Later in 1986, the 961 was moved to the United States and entered in the Camel GT Championship's final round at Daytona International Speedway. The car was reclassified once again by International Motor Sports Association, this time being entered in the GTP category alongside sports prototypes like the 962. Drivers Kees Nierop of Canada and Günter Steckkönig of Germany were assigned to the car. The 961 however struggled with the banked turns of the Daytona circuit. The 961's Dunlop tyres were pushed beyond their limits and suffered several blowouts while the car was at full speed. This slowed the 961's overall pace down before it eventually finished the race in 24th position.

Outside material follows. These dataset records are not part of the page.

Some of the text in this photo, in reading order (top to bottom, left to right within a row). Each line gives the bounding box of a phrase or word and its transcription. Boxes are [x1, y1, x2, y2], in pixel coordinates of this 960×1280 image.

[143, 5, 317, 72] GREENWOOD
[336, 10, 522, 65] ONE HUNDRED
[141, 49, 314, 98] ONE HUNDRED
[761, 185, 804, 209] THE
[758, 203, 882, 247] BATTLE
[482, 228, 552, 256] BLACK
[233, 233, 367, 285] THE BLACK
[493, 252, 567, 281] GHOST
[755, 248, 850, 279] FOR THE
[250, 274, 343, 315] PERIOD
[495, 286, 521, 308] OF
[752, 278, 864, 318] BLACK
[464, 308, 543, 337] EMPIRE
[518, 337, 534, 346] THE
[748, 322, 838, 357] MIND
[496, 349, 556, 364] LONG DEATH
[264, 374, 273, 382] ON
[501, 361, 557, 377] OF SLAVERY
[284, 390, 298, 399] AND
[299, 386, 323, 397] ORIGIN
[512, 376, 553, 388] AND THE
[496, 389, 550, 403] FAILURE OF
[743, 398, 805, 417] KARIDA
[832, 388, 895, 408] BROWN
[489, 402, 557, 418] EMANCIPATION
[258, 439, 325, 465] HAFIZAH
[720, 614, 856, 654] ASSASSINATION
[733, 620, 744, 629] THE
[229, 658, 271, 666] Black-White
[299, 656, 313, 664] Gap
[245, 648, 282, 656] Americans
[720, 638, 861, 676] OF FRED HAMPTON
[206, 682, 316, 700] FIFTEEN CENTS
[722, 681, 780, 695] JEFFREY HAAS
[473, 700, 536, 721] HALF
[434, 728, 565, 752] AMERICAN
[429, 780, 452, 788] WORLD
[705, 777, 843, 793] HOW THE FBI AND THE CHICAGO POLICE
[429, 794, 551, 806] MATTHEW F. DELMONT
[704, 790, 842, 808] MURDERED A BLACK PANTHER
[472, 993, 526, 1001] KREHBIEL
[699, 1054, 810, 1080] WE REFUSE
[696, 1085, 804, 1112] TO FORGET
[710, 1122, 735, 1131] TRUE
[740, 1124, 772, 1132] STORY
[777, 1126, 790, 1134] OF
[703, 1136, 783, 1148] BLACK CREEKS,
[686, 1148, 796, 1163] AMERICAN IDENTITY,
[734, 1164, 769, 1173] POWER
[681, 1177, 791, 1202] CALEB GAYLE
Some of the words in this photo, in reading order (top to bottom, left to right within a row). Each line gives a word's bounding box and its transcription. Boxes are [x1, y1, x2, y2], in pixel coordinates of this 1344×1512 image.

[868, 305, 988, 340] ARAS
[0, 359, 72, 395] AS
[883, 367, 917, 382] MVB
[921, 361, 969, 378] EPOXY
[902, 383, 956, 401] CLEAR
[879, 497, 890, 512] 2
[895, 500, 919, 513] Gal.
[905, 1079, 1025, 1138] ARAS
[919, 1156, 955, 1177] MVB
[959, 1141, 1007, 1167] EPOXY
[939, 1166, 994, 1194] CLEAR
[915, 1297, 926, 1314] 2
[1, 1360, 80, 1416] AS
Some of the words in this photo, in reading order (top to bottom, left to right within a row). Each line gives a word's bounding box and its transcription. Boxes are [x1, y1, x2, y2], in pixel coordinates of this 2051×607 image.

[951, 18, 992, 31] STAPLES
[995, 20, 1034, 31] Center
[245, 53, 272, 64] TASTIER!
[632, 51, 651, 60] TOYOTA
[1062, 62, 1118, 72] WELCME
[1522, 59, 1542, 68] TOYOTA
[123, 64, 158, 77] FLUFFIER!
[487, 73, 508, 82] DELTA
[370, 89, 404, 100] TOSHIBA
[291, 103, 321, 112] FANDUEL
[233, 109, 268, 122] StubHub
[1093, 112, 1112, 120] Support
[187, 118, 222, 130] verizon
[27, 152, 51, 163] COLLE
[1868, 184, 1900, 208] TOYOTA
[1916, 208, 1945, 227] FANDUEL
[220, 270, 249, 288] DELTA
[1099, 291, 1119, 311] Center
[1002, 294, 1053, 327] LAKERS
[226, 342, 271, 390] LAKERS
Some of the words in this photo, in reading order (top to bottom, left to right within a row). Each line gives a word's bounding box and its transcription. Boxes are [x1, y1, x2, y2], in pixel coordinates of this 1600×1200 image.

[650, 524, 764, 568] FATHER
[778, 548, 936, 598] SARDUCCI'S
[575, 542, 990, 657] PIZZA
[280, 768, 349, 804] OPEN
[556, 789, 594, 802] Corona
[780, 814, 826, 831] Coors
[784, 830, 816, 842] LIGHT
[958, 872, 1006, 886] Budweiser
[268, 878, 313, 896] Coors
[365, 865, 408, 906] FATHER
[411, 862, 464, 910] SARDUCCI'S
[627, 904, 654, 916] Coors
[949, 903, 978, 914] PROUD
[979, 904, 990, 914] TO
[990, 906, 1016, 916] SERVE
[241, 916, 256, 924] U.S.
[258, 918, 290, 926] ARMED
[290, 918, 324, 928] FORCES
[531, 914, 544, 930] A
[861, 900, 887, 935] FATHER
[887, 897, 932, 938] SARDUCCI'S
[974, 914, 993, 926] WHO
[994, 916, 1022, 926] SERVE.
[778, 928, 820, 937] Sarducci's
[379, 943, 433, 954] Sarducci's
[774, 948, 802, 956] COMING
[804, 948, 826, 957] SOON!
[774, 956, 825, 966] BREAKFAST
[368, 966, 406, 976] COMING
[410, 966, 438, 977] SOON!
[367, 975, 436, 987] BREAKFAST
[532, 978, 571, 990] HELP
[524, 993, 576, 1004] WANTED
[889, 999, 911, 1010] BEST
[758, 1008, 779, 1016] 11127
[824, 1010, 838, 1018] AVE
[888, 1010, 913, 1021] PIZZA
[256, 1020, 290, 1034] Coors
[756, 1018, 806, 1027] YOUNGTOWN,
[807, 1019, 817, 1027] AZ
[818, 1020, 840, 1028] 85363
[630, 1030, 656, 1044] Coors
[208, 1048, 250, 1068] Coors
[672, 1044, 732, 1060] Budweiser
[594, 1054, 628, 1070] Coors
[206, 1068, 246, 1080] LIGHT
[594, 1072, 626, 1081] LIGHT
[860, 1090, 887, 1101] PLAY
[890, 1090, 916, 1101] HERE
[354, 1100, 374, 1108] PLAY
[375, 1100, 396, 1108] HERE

Porsche continued to develop the 961 into the 1987 season where it was prepared once more for Le Mans. The car was repainted in the colors of Rothmans to match the scheme used by the factory 962Cs. Performance fell from the previous year as the 961 earned only the 16th fastest lap in the May test session. Swiss driver Claude Haldi was assigned to partner René Metge, but the two were later joined by Kees Nierop whose 962C had been destroyed in a qualifying accident. Although the 961 managed to run as high as 11th overall in the race, Kees Nierop crashed the car after a mis-shift. The car was stopped and retired after it caught fire as Nierop attempted to return to the pit lane.

Following the Le Mans difficulties, and with no championship with which to run the 961 against similar machinery, the project was canceled. The 961, repaired after its crash and fire in 1987, now resides on display in the Porsche Museum in Stuttgart, Germany.